Park Avenue, le 31 Mars 2489 - Point de vue Panorea

– ... MAMAN ! MAMAN !... – J’entends hurler -

– Nora, qu'est ce qui t'arrive ! Réveille-toi !

– -... Hein... ? Qu’est ce qui se passe ? – Quand je reviens à moi, je suis allongée sur le canapé

– Tu as perdu connaissance… Depuis plusieurs heures maman… Tu vas bien ?

Ma fille est réellement inquiète pour moi… je lui souris tendrement.

– Oui, un souvenir m’est revenu... Enfin… Je crois... Je ne suis pas sûre.

– Un souvenir ?

– C'est cette photo. Je me suis retrouvée sur ce yacht aux abords de l'île d'Ithaque, avec mon père... j'arrive à voir son visage…

– ...

– ...

– Assieds-toi maman. Raconte-nous. Et c'est où l'île d'Ithaque ? On pourrait y aller ! Stan, va lui chercher un verre d’eau. – Lui ordonne-t-elle -

– L'île d'Ithaque a malheureusement disparu depuis un siècle. Elle était en Grèce, dans un archipel. On y trouvait les plus beaux Pins et Cyprès de toute l'Europe, en tout cas pour moi... Leurs Olives étaient un pur délice, je me souviens de leur goût délectable sur ma langue. Ithaque était également connu pour ses vignes.

Stan revient dans le salon avec un verre qu'il me tend. Je le prends sans lui adresser un regard, ni une parole. Je bois quelques gorgées et le pose sur la table basse. Mon regard en profite pour se poser sur l’appartement et les dégâts que notre altercation a causé.

– Qu'est-ce que tu... vous faisiez là-bas ?

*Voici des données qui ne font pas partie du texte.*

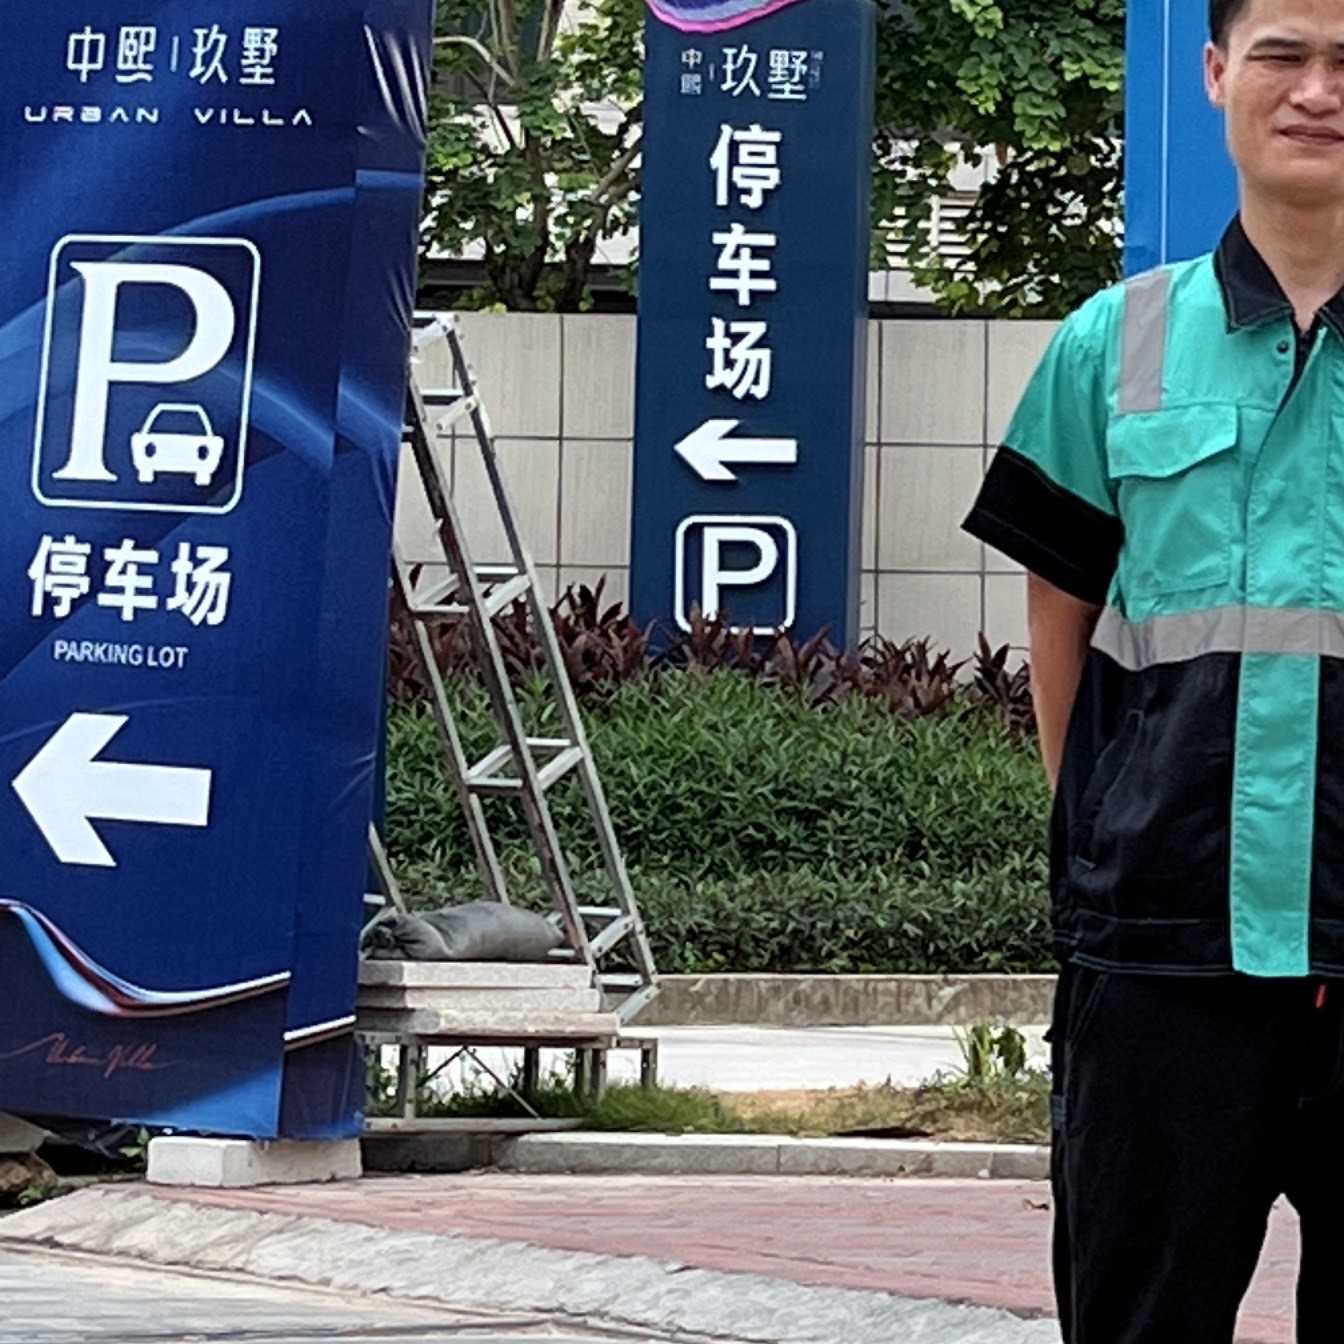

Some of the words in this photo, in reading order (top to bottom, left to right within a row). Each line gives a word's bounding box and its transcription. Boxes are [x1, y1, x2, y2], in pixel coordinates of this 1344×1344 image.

– On venait en Grèce pour des examens. Encore. J’avais à peu près Dix-sept ans...

– Des examens ?...

– Je n'en sais pas plus à ce sujet-là Caly. En fait, j'ai plus appris de chose sur moi, que sur le reste. J'étais une passionnée d'histoire, notamment sur la mythologie grecque, et l'idée d'aller dans la grotte des Nymphes me remplissait de joie dans cet enfer. Je détestais que mes parents masquent nos déplacements comme étant des voyages à travers le monde.

– Je suis désolée maman.

– Pourquoi ma chérie ? Tu n'y es pour rien. Et puis, je sais enfin d'où me vient ce nom, Panorea. Mon père m'appelait ainsi. Et lors de ce voyage, je lui ai dit de ne plus m'appeler comme ça, car je détestais ça. Et l’ironie veut que j'utilise ce prénom depuis presque cinq cents ans maintenant. Je crois que ça lui aurait fait plaisir.

Certaines de mes nombreuses questions viennent enfin de trouver leur réponse. Mon premier souvenir, ça me fait du bien. Il est un peu douloureux par le contexte mais je suis quand même contente. Je peux enfin mettre un visage et une voix sur mon père. Le puzzle de mon passé commence à se reconstituer tout doucement. Ça va prendre du temps mais je sais que tout n'est pas perdu. Et maintenant, que va-t-il se passer ? Une chose est sûre, une longue route nous attend dans la découverte de la vérité et de ce qui se trame derrière tout ça !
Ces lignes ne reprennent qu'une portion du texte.